Réalisateur : Kieron J. Walsh
Acteurs : Louis Talpe, Matteo Simoni, Tara Lee,...
Distributeur : Epicentre Films
Budget : -
Genre : Drame.
Nationalité : Irlandais, Luxembourgeois, Belge.
Durée : 1h35min

Synopsis :
Tour de France 1998. Dom Chabol, un équipier expérimenté qui rêve du maillot jaune est lâché par l’équipe auquel il a consacré toute sa vie. Alors qu’il se prépare à rentrer chez lui, une erreur élimine un autre coéquipier et Dom doit se remettre en selle...



Critique :


Si la devise de Pierre de Coubertin veut toujours que " l'important, c'est de participer ", force est d'admettre que dans l'intimité du sport de haut niveau, et encore plus dans sa retranscription cinématographique : seule la victoire est importante, et peu importe les moyens usés pour y parvenir.

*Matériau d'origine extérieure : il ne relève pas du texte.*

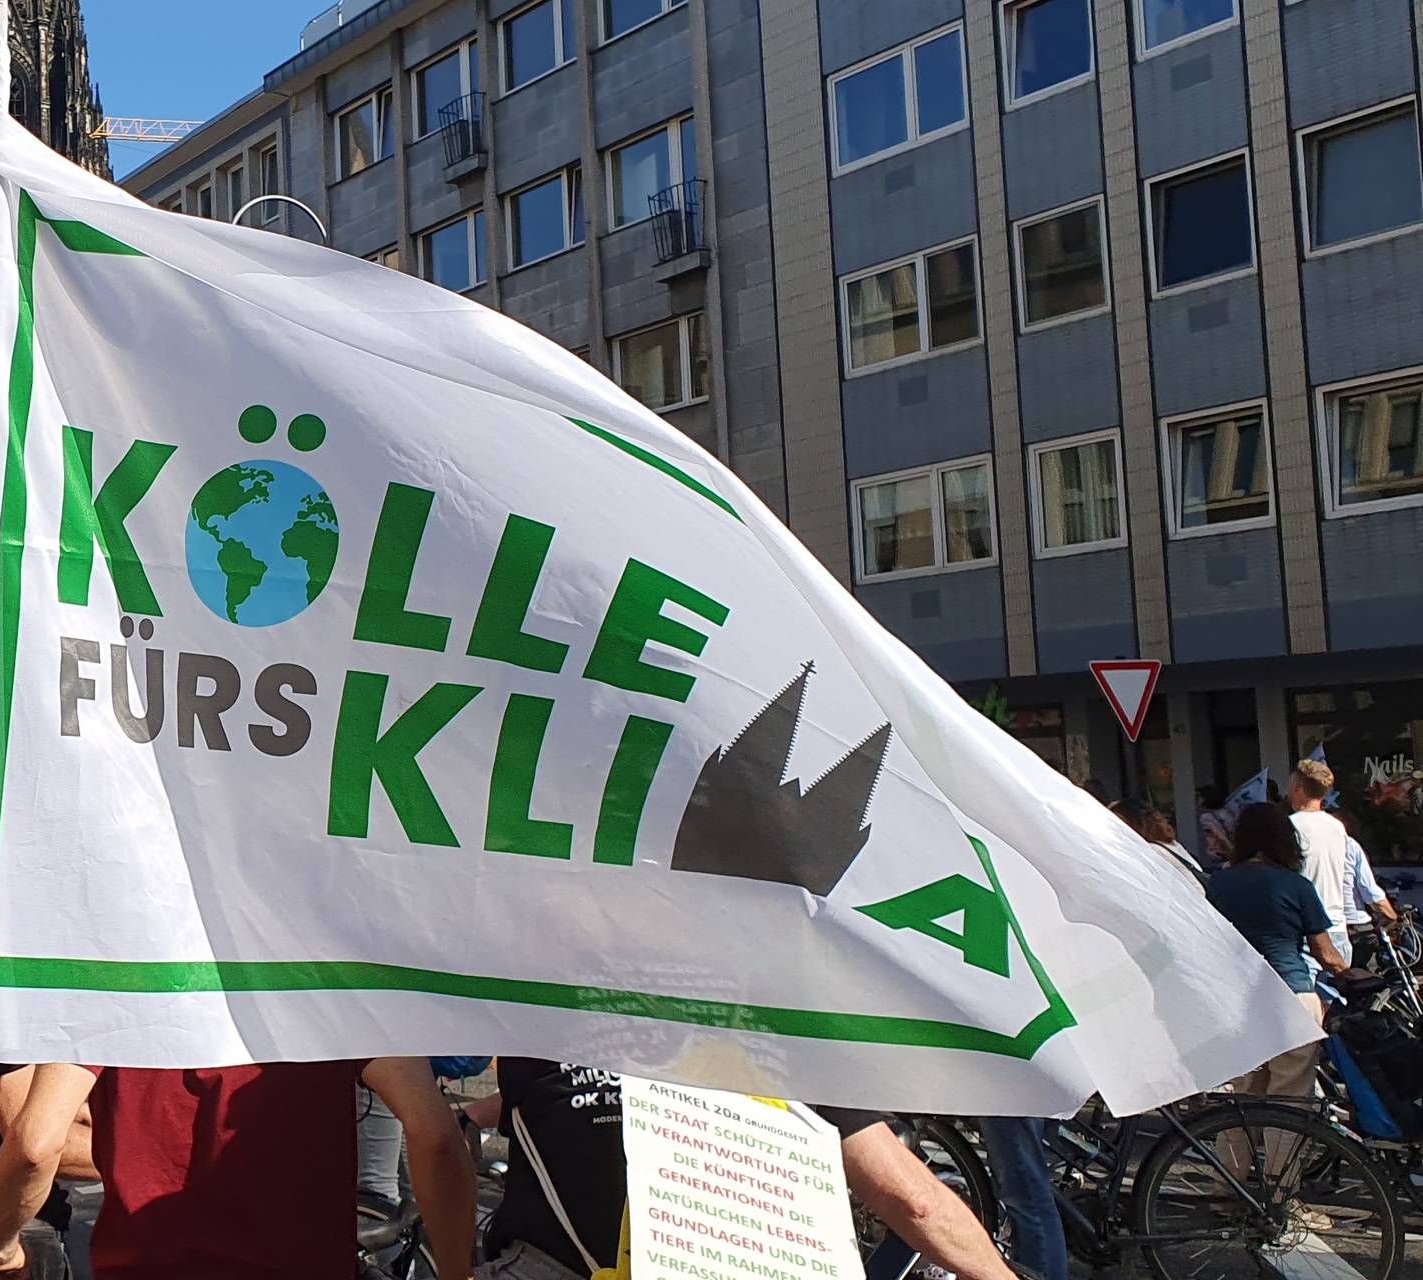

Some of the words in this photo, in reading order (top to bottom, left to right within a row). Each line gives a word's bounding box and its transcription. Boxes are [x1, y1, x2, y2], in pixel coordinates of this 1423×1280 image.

[58, 405, 730, 703] KÖLLE
[60, 616, 318, 757] FÜRS
[1364, 754, 1415, 780] Nails
[571, 1092, 599, 1109] OK
[605, 1091, 622, 1105] K
[649, 1083, 710, 1112] ARTIKEL
[714, 1104, 741, 1122] 20a
[745, 1118, 809, 1145] GRUNDGESETZ
[629, 1096, 660, 1115] DER
[664, 1108, 709, 1132] STAAT
[714, 1125, 783, 1156] SCHÜTZT
[788, 1151, 832, 1173] AUCH
[630, 1116, 646, 1131] IN
[651, 1123, 799, 1184] VERANTWORTUNG
[804, 1175, 835, 1195] FÜR
[658, 1167, 784, 1217] GENERATIONEN
[789, 1210, 815, 1228] DIE
[673, 1152, 698, 1169] DIE
[704, 1161, 795, 1201] KÜNFTIGEN
[648, 1185, 762, 1232] NATÜRLICHEN
[767, 1224, 833, 1253] LEBENS-
[648, 1207, 764, 1254] GRUNDLAGEN
[769, 1246, 806, 1267] UND
[811, 1259, 839, 1277] DIE
[649, 1229, 695, 1254] TIERE
[700, 1245, 722, 1263] IM

Sport spectacle passablement écorné par des campagnes de dopages qui ont fait le bonheur des tabloïds et des médias sportifs, le cyclisme n'en est pas moins une formidable discipline qui demande une dévotion de soi extraordinaire pour ne serait-ce qu'exister dans un univers impitoyable où le souci de performance va au-delà de la bienséance et même de la santé des coureurs.

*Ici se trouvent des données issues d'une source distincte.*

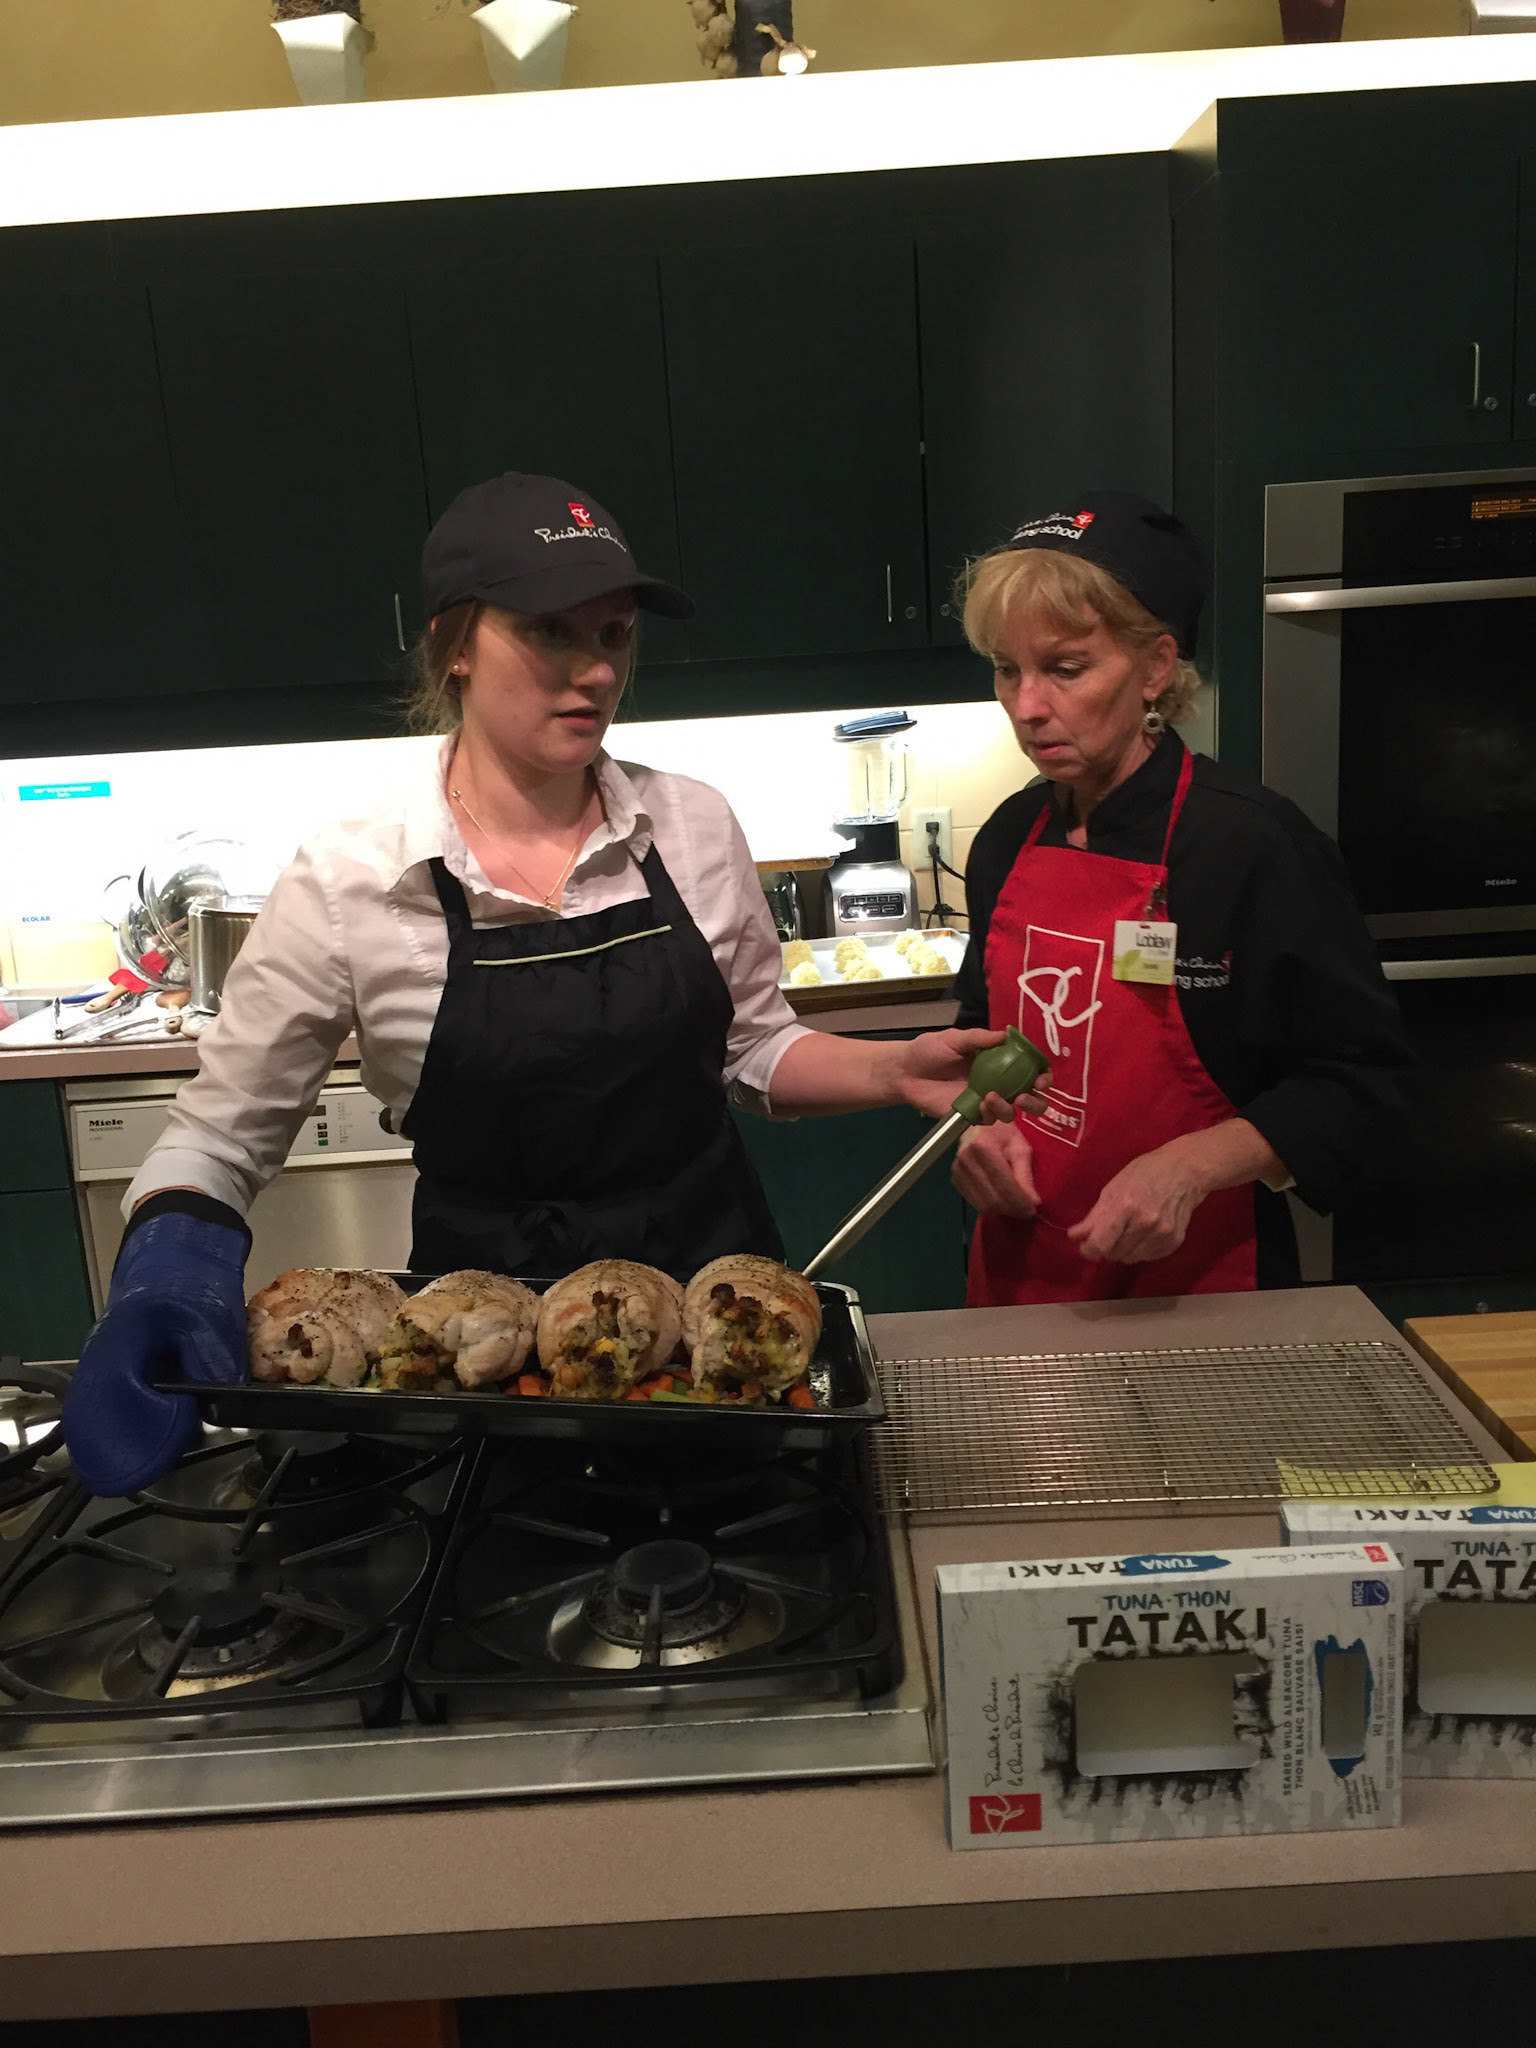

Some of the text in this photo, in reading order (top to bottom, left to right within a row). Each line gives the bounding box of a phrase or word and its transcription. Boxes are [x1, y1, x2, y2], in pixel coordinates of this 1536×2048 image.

[1040, 525, 1084, 540] school
[1484, 878, 1517, 887] Miele
[22, 915, 51, 923] ECOLAB
[89, 1119, 124, 1127] Miele
[1450, 1541, 1511, 1557] TUNA
[1008, 1560, 1126, 1579] TATAKI
[1140, 1557, 1199, 1571] TUNA
[1413, 1559, 1536, 1591] TATA
[1103, 1589, 1231, 1612] TUNA THON
[1354, 1582, 1364, 1605] MSC
[1067, 1607, 1267, 1648] TATAKI
[1283, 1617, 1293, 1796] SEARED WILD ALBACORE TUNA
[1295, 1623, 1305, 1789] THON BLANC SAUVAGE SAISI

Récit fictif catapulté à la veille d'une époque sombre de la Grande Boucle (le Tour de France 1998 et le boucan immense de l'affaire Festina, qui allait bousculer tout un système aux manigances jusqu'alors très discrètes), L'Équipier de Kieron J. Walsh suit les roues d'un lieutenant insatisfait par son statut au coeur d'une équipe où il n'est qu'une pièce détachable et remplaçable, lui dont la carrière est déjà gentiment logée dans la roue arrière, ce qui ne l'empêche pas d'espérer un ultime coup d'éclat.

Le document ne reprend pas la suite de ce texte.